Ein Kommentar von Tomasz Wieladek, International Economist bei T. Rowe Price zur Zinserhöhung der EZB:
Auf der Pressekonferenz wurden die folgenden Punkte angesprochen:
- Präsidentin Lagarde bezeichnete die 75 Basispunkte immer wieder als „frontloaded“ und sagte, dies sei nicht die Norm
- Die EZB reagiert eindeutig auf die Energiepreisinflation, da sich der Lohndruck weiterhin in Grenzen hält und die Arbeitslosenquote wahrscheinlich steigen wird
- Sie sagte, dass es zwischen 1-4 weitere Sitzungen mit Zinserhöhungen geben werde.
- Sie sagte, dass die Konjunkturrisiken eher nach unten, die Inflationsrisiken jedoch nach oben gerichtet seien.
- Sie verwies auf ein Abwärtsszenario mit sehr hohen Rohstoff- und Gaspreisen. Dieses Szenario geht von einem durchschnittlichen Ölpreis von 138 im Jahr 2023 gegenüber 119,7 im Jahr 2022 und von einem Anstieg der Gaspreise von 202,3 Eur/Mwh im Jahr 2022 auf 360,6 im Jahr 2023 aus.
- Sehr ungewöhnlich ist, dass sie die implizite Zinsprognose des Anleihemarktes bestätigte
- Die harmonisierte Verbraucherpreisindex-Inflationsprognose für 2024 liegt bei 2,3, was nahe an ihrem Zielwert liegt.
Meine Interpretation der Pressekonferenz: Die EZB wollte den Märkten eindeutig signalisieren, dass sie es mit dem Inflationsziel von 2 % ernst meint.

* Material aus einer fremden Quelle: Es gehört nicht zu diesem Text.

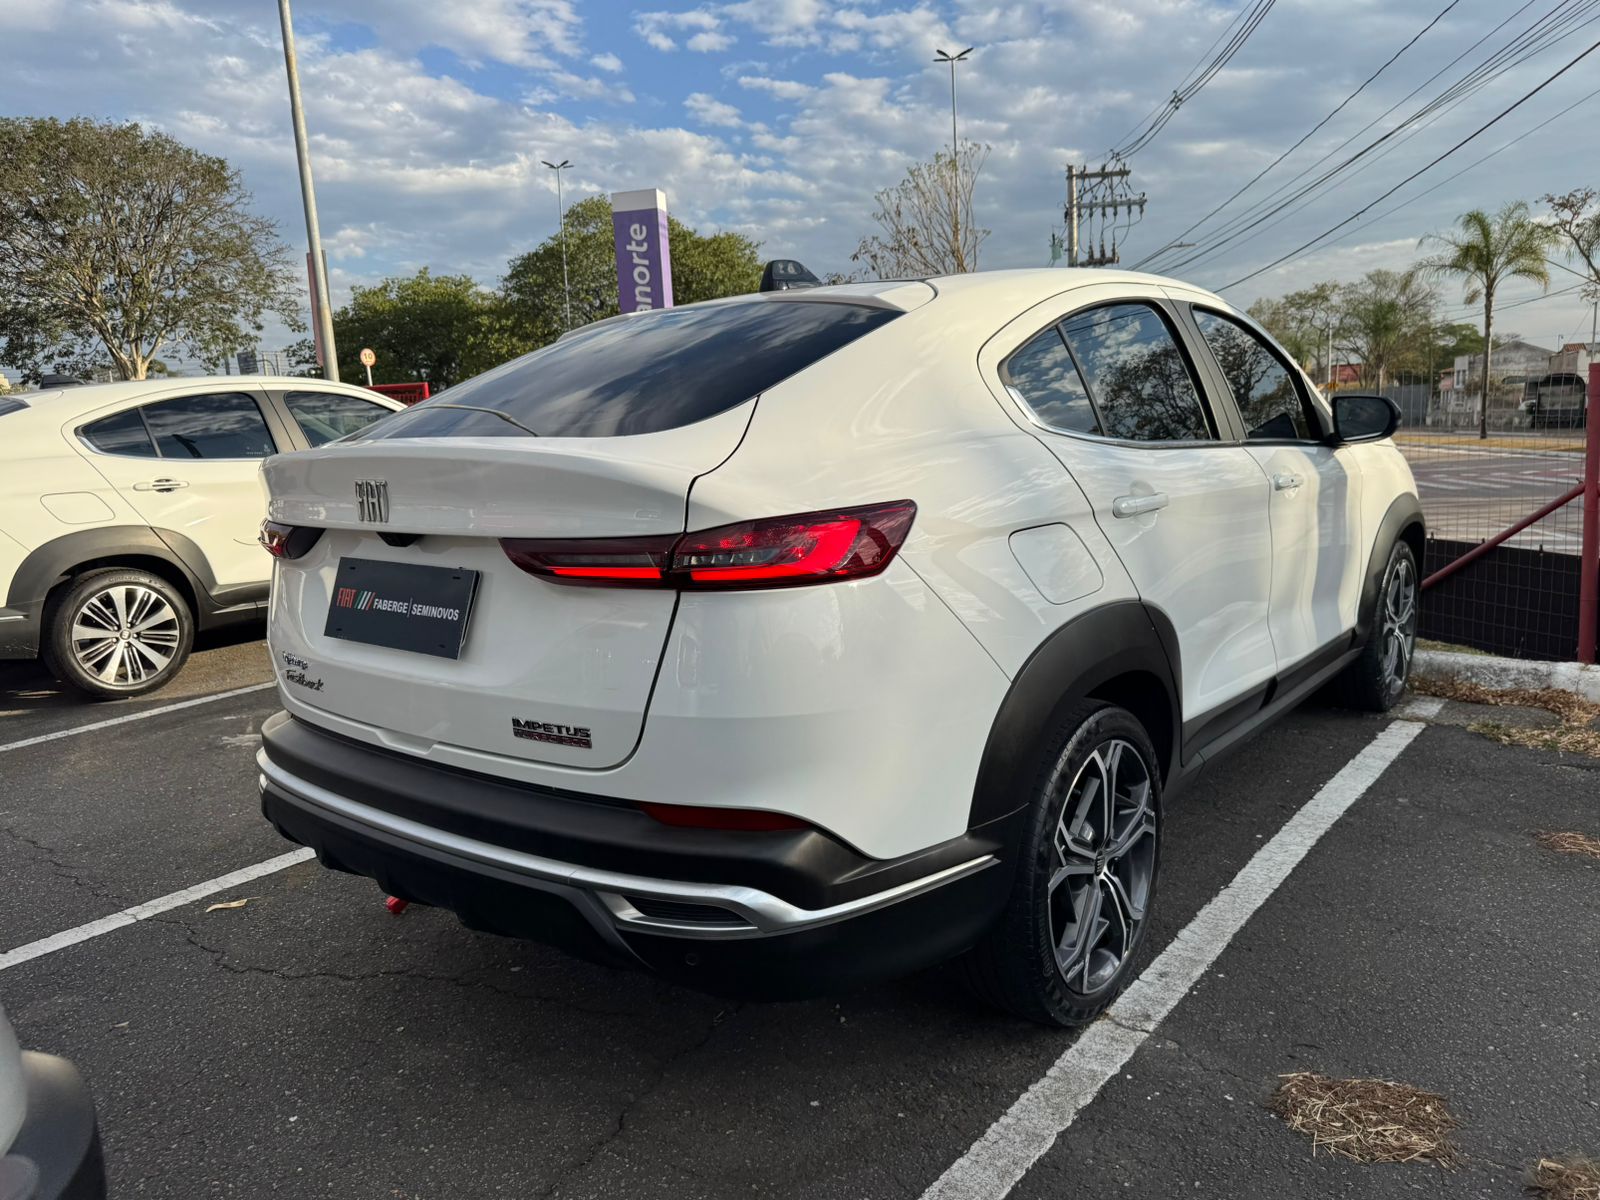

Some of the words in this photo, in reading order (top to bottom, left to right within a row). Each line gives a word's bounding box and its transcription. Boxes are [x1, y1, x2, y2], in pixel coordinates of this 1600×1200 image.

Angesichts der Reaktion der Anleihemärkte vermute ich, dass die EZB davon ausgeht, dass sie ihr Ziel zumindest teilweise erreicht hat. Ihre Konzentration auf die Gesamtinflation ist sehr ungewöhnlich: Wir haben gehört, dass sie sich wegen der Lohndynamik keine Sorgen um die Inflation macht und einen Anstieg der Arbeitslosigkeit erwartet. Dieser Ansatz stellt eine 180-Grad-Wende gegenüber den Draghi-Jahren dar (als die EZB sagte, dass wir stattdessen die Kerninflation des Verbraucherpreisindex betrachten sollten).
Ich bin nach wie vor der Meinung, dass die EZB die Risiken für die Realwirtschaft erheblich unterschätzt. Ich denke jedoch, dass die EZB die Zinssätze so lange erhöhen wird, bis klar wird, dass sie sich in einer Rezession befindet. Ich denke, dass wir anlässlich der nächsten Sitzung einen Zinsschritt von 50 Basispunkten sehen werden. Schlussendlich hängt dies von den aktuellen Daten ab. Wenn wir beim nächsten PMI eine deutliche Korrektur sehen, werden es eher 50 Basispunkte sein, andernfalls könnten weitere 75 folgen.